「知らないうちに3億円の債務者に…」 元ピンク・レディー、未唯mieが凄絶な“借金地獄”を告白 全額返済できた理由とは?
税務署に頭を下げ…
結局、ビルは購入額の半額程度で売り渡し、事務所の規模もコンパクトに。テレビ局に自ら出向いてあいさつ回りもしましたし、公演のスタッフ集めも人の手を借りず自分で行うことになりました。日々の移動は電車やバス、自転車で、返済し終えるまでの数年間、私服は一枚も買いませんでしたね。返済額を考えれば、プライベートの出費を抑えたところで微々たる効果しかないのですが、お借りしている以上、ぜいたくな暮らしはできない。そう思って、徹底して切り詰めたんです。
大変だったのは借金の返済だけではありません。法人税を滞納していたため、税務署からは納税までの間、担保を立てるよう要求されました。でも、すでに私には見るべき資産がありません。過去に両親にプレゼントした家も売り、両親にも小さな家に住み替えてもらっていたくらいですから。税務署の方には「必ず納めますので」と何度も頭を下げ、何とか納税時期を猶予してもらえるよう頼みこみました。
漠然とした自信が
このときの苦労を知っている人からは「よく全額返済できたね」と驚かれるのですが、私が心折れることがなかったのは、やはりピンク・レディーでの経験があったからなのかもしれません。特別なコネも能力もない、どこにでもいるようなサラリーマン家庭の娘が、「どうしても歌手になりたい」という思いだけでデビューにまでこぎ着けた。デビュー後は、寝る時間も食べる時間もありませんでしたが「きちんとプロの仕事をしたい」という気持ちで走り切った。そんな経験があったからこそ「今回もなんとかなる」と漠然とした自信があったんですよ。
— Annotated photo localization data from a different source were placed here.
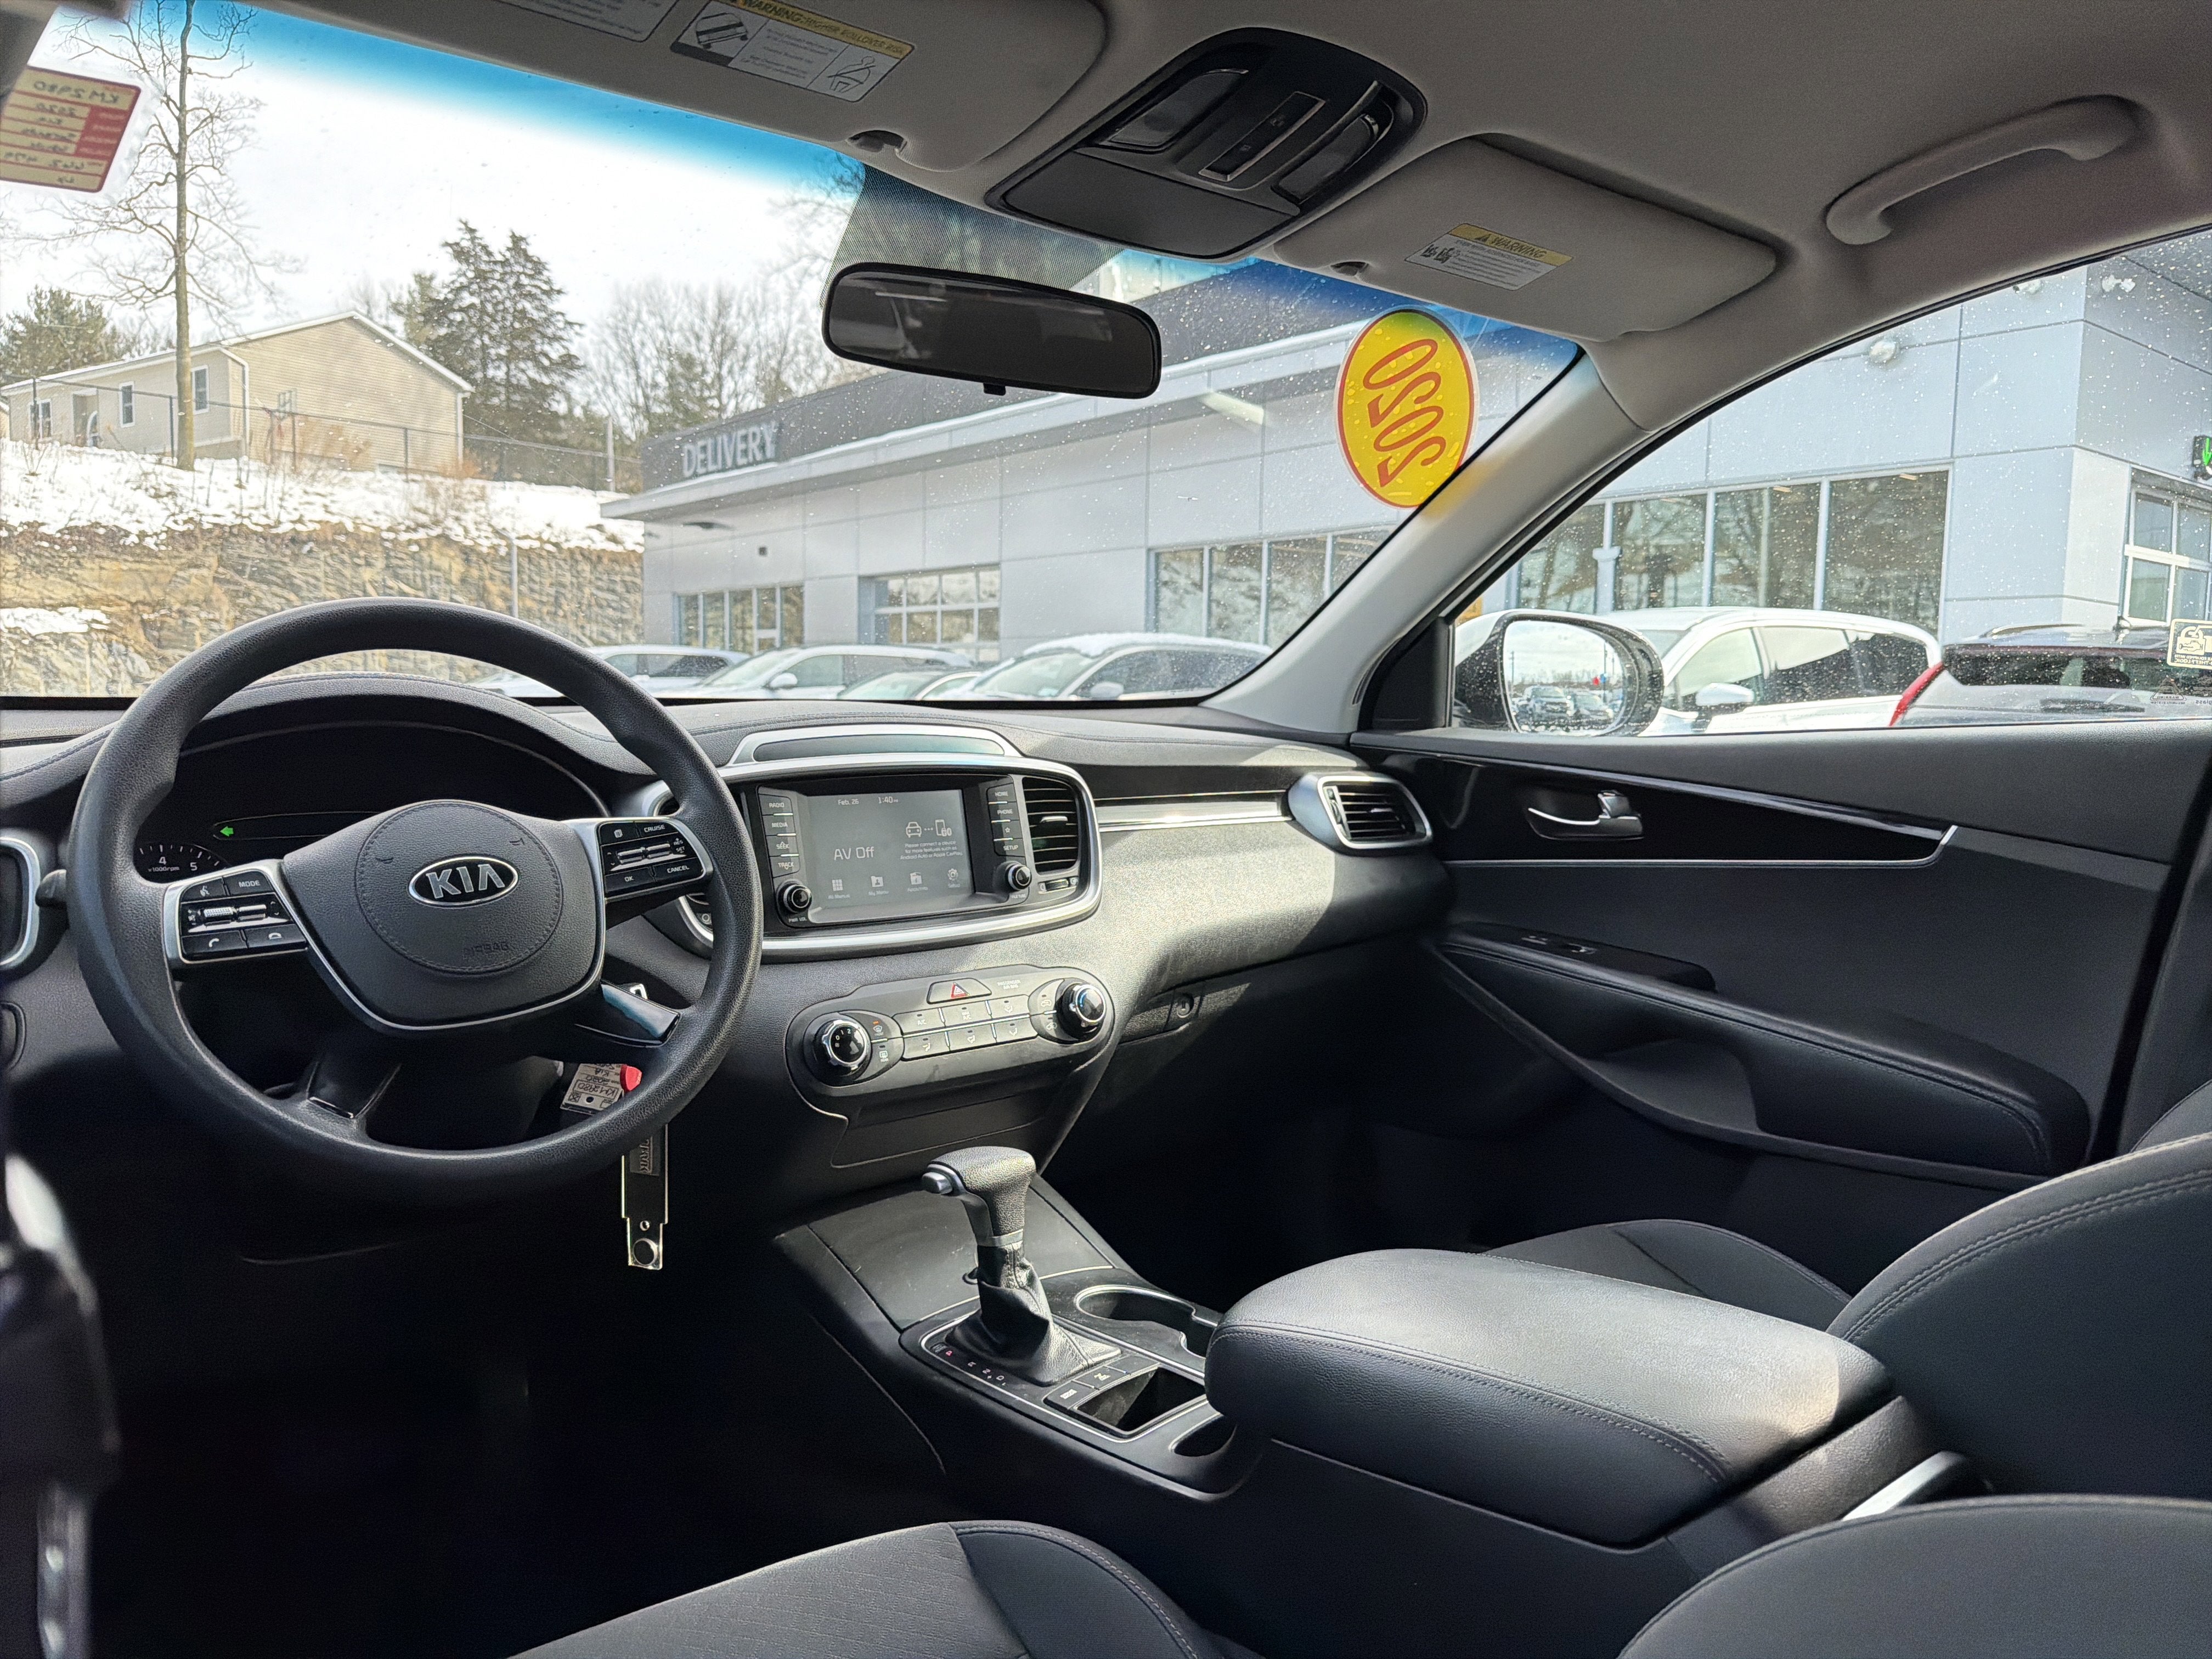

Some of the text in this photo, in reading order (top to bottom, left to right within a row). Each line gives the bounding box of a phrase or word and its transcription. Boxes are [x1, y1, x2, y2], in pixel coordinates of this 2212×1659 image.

[1491, 236, 1548, 258] WARNING
[682, 420, 779, 478] DELIVERY
[644, 825, 665, 833] CRUISE
[159, 856, 167, 865] 4
[834, 847, 875, 861] AV Off
[190, 862, 198, 871] 5
[667, 865, 690, 873] CANCEL
[426, 864, 505, 899] KIA
[578, 1082, 616, 1097] KM2980
それにピンク・レディー時代は私たち個人の活動というより、プロジェクトチームの歯車の一つという感覚が強かった。『星の王子さま』の赤いバラじゃないですが、冷たい風も痛みも感じない分、喜びも薄かったような気がするんです。
でも、3億円の負債を背負った途端、社会の荒波の中に放り出されることになった。この経験こそが、両親の子としてでもピンク・レディーとしてでもない、私個人が踏み出した初めの一歩だったのかもしれません。